─── Data shown

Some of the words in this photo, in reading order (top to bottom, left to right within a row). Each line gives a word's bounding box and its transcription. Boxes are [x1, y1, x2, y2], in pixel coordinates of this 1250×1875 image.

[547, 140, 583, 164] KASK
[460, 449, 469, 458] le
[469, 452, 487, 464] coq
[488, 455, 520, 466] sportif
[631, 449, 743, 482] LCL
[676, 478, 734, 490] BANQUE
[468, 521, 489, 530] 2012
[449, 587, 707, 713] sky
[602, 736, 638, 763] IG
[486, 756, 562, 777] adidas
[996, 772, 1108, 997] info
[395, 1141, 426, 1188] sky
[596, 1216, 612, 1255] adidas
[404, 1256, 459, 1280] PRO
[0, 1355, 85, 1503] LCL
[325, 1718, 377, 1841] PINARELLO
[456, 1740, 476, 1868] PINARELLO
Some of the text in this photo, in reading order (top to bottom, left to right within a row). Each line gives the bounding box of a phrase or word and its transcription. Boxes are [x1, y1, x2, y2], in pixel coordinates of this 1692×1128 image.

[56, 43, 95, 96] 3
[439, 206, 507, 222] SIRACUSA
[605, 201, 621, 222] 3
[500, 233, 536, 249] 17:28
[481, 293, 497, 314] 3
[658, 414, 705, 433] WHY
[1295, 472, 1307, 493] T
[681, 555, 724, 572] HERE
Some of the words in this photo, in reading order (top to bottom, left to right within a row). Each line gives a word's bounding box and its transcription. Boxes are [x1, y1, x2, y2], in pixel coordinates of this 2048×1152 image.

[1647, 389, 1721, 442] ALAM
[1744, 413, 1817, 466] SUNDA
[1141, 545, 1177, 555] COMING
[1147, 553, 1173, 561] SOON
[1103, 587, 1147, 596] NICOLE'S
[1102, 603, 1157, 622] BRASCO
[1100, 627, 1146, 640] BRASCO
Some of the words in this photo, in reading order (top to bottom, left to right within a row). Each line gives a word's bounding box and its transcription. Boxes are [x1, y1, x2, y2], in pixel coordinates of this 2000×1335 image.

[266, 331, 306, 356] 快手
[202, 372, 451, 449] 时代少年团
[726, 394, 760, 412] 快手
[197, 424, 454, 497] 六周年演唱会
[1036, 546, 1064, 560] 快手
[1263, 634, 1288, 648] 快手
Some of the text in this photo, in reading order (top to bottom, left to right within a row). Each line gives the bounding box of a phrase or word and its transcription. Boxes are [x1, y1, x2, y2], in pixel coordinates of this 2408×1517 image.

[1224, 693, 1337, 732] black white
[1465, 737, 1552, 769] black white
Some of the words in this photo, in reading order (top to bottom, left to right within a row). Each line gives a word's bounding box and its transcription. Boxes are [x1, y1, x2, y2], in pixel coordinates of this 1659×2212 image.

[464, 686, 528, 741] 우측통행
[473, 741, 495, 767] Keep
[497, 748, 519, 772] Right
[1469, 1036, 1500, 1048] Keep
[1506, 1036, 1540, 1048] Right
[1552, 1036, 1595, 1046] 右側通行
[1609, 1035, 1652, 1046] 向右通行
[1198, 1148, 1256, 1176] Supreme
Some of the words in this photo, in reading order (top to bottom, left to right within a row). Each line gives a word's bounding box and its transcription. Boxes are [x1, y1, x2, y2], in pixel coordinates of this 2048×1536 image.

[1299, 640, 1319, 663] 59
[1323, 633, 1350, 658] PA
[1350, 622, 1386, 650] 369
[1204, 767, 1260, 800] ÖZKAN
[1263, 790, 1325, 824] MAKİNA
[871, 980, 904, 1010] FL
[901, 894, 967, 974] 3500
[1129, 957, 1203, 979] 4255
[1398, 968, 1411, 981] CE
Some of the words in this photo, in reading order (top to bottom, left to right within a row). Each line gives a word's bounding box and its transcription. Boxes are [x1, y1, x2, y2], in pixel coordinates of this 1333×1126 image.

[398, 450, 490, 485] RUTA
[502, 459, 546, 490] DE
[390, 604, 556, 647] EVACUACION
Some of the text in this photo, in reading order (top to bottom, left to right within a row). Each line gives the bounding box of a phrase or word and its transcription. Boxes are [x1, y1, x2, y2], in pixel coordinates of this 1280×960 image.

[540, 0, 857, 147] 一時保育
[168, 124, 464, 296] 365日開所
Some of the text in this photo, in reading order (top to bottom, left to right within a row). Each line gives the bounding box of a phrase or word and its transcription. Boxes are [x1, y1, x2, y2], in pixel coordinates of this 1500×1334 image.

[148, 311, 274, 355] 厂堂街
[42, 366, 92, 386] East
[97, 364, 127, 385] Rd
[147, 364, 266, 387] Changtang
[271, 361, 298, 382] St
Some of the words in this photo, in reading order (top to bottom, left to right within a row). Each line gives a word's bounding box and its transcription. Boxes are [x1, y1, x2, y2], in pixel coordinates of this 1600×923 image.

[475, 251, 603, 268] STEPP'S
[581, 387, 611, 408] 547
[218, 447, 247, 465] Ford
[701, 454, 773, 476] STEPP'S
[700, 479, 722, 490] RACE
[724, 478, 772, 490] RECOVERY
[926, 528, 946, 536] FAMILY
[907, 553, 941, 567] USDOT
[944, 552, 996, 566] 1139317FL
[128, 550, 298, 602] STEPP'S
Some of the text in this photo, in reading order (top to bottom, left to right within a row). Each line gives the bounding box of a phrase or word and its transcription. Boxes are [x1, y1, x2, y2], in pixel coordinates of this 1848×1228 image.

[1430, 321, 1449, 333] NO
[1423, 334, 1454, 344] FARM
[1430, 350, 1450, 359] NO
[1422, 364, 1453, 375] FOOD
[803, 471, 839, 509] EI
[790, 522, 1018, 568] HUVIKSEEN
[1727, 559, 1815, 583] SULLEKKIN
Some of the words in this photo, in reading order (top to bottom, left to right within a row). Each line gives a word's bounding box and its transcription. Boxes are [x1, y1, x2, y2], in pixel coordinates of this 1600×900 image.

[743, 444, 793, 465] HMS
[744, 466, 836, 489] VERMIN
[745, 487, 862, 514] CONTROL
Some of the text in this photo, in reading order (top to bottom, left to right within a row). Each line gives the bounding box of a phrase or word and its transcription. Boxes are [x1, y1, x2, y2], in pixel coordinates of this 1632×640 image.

──────

__Exercise__
Print all the data exactly as shown above.

__Solution to the exercise__
Some of the words in this photo, in reading order (top to bottom, left to right within a row). Each line gives a word's bounding box and its transcription. Boxes are [x1, y1, x2, y2], in pixel coordinates of this 1250×1875 image.

[547, 140, 583, 164] KASK
[460, 449, 469, 458] le
[469, 452, 487, 464] coq
[488, 455, 520, 466] sportif
[631, 449, 743, 482] LCL
[676, 478, 734, 490] BANQUE
[468, 521, 489, 530] 2012
[449, 587, 707, 713] sky
[602, 736, 638, 763] IG
[486, 756, 562, 777] adidas
[996, 772, 1108, 997] info
[395, 1141, 426, 1188] sky
[596, 1216, 612, 1255] adidas
[404, 1256, 459, 1280] PRO
[0, 1355, 85, 1503] LCL
[325, 1718, 377, 1841] PINARELLO
[456, 1740, 476, 1868] PINARELLO
Some of the text in this photo, in reading order (top to bottom, left to right within a row). Each line gives the bounding box of a phrase or word and its transcription. Boxes are [x1, y1, x2, y2], in pixel coordinates of this 1692×1128 image.

[56, 43, 95, 96] 3
[439, 206, 507, 222] SIRACUSA
[605, 201, 621, 222] 3
[500, 233, 536, 249] 17:28
[481, 293, 497, 314] 3
[658, 414, 705, 433] WHY
[1295, 472, 1307, 493] T
[681, 555, 724, 572] HERE
Some of the words in this photo, in reading order (top to bottom, left to right within a row). Each line gives a word's bounding box and its transcription. Boxes are [x1, y1, x2, y2], in pixel coordinates of this 2048×1152 image.

[1647, 389, 1721, 442] ALAM
[1744, 413, 1817, 466] SUNDA
[1141, 545, 1177, 555] COMING
[1147, 553, 1173, 561] SOON
[1103, 587, 1147, 596] NICOLE'S
[1102, 603, 1157, 622] BRASCO
[1100, 627, 1146, 640] BRASCO
Some of the words in this photo, in reading order (top to bottom, left to right within a row). Each line gives a word's bounding box and its transcription. Boxes are [x1, y1, x2, y2], in pixel coordinates of this 2000×1335 image.

[266, 331, 306, 356] 快手
[202, 372, 451, 449] 时代少年团
[726, 394, 760, 412] 快手
[197, 424, 454, 497] 六周年演唱会
[1036, 546, 1064, 560] 快手
[1263, 634, 1288, 648] 快手
Some of the text in this photo, in reading order (top to bottom, left to right within a row). Each line gives the bounding box of a phrase or word and its transcription. Boxes are [x1, y1, x2, y2], in pixel coordinates of this 2408×1517 image.

[1224, 693, 1337, 732] black white
[1465, 737, 1552, 769] black white
Some of the words in this photo, in reading order (top to bottom, left to right within a row). Each line gives a word's bounding box and its transcription. Boxes are [x1, y1, x2, y2], in pixel coordinates of this 1659×2212 image.

[464, 686, 528, 741] 우측통행
[473, 741, 495, 767] Keep
[497, 748, 519, 772] Right
[1469, 1036, 1500, 1048] Keep
[1506, 1036, 1540, 1048] Right
[1552, 1036, 1595, 1046] 右側通行
[1609, 1035, 1652, 1046] 向右通行
[1198, 1148, 1256, 1176] Supreme
Some of the words in this photo, in reading order (top to bottom, left to right within a row). Each line gives a word's bounding box and its transcription. Boxes are [x1, y1, x2, y2], in pixel coordinates of this 2048×1536 image.

[1299, 640, 1319, 663] 59
[1323, 633, 1350, 658] PA
[1350, 622, 1386, 650] 369
[1204, 767, 1260, 800] ÖZKAN
[1263, 790, 1325, 824] MAKİNA
[871, 980, 904, 1010] FL
[901, 894, 967, 974] 3500
[1129, 957, 1203, 979] 4255
[1398, 968, 1411, 981] CE
Some of the words in this photo, in reading order (top to bottom, left to right within a row). Each line gives a word's bounding box and its transcription. Boxes are [x1, y1, x2, y2], in pixel coordinates of this 1333×1126 image.

[398, 450, 490, 485] RUTA
[502, 459, 546, 490] DE
[390, 604, 556, 647] EVACUACION
Some of the text in this photo, in reading order (top to bottom, left to right within a row). Each line gives the bounding box of a phrase or word and its transcription. Boxes are [x1, y1, x2, y2], in pixel coordinates of this 1280×960 image.

[540, 0, 857, 147] 一時保育
[168, 124, 464, 296] 365日開所
Some of the text in this photo, in reading order (top to bottom, left to right within a row). Each line gives the bounding box of a phrase or word and its transcription. Boxes are [x1, y1, x2, y2], in pixel coordinates of this 1500×1334 image.

[148, 311, 274, 355] 厂堂街
[42, 366, 92, 386] East
[97, 364, 127, 385] Rd
[147, 364, 266, 387] Changtang
[271, 361, 298, 382] St
Some of the words in this photo, in reading order (top to bottom, left to right within a row). Each line gives a word's bounding box and its transcription. Boxes are [x1, y1, x2, y2], in pixel coordinates of this 1600×923 image.

[475, 251, 603, 268] STEPP'S
[581, 387, 611, 408] 547
[218, 447, 247, 465] Ford
[701, 454, 773, 476] STEPP'S
[700, 479, 722, 490] RACE
[724, 478, 772, 490] RECOVERY
[926, 528, 946, 536] FAMILY
[907, 553, 941, 567] USDOT
[944, 552, 996, 566] 1139317FL
[128, 550, 298, 602] STEPP'S
Some of the text in this photo, in reading order (top to bottom, left to right within a row). Each line gives the bounding box of a phrase or word and its transcription. Boxes are [x1, y1, x2, y2], in pixel coordinates of this 1848×1228 image.

[1430, 321, 1449, 333] NO
[1423, 334, 1454, 344] FARM
[1430, 350, 1450, 359] NO
[1422, 364, 1453, 375] FOOD
[803, 471, 839, 509] EI
[790, 522, 1018, 568] HUVIKSEEN
[1727, 559, 1815, 583] SULLEKKIN
Some of the words in this photo, in reading order (top to bottom, left to right within a row). Each line gives a word's bounding box and its transcription. Boxes are [x1, y1, x2, y2], in pixel coordinates of this 1600×900 image.

[743, 444, 793, 465] HMS
[744, 466, 836, 489] VERMIN
[745, 487, 862, 514] CONTROL
Some of the text in this photo, in reading order (top to bottom, left to right within a row). Each line gives the bounding box of a phrase or word and its transcription. Boxes are [x1, y1, x2, y2], in pixel coordinates of this 1632×640 image.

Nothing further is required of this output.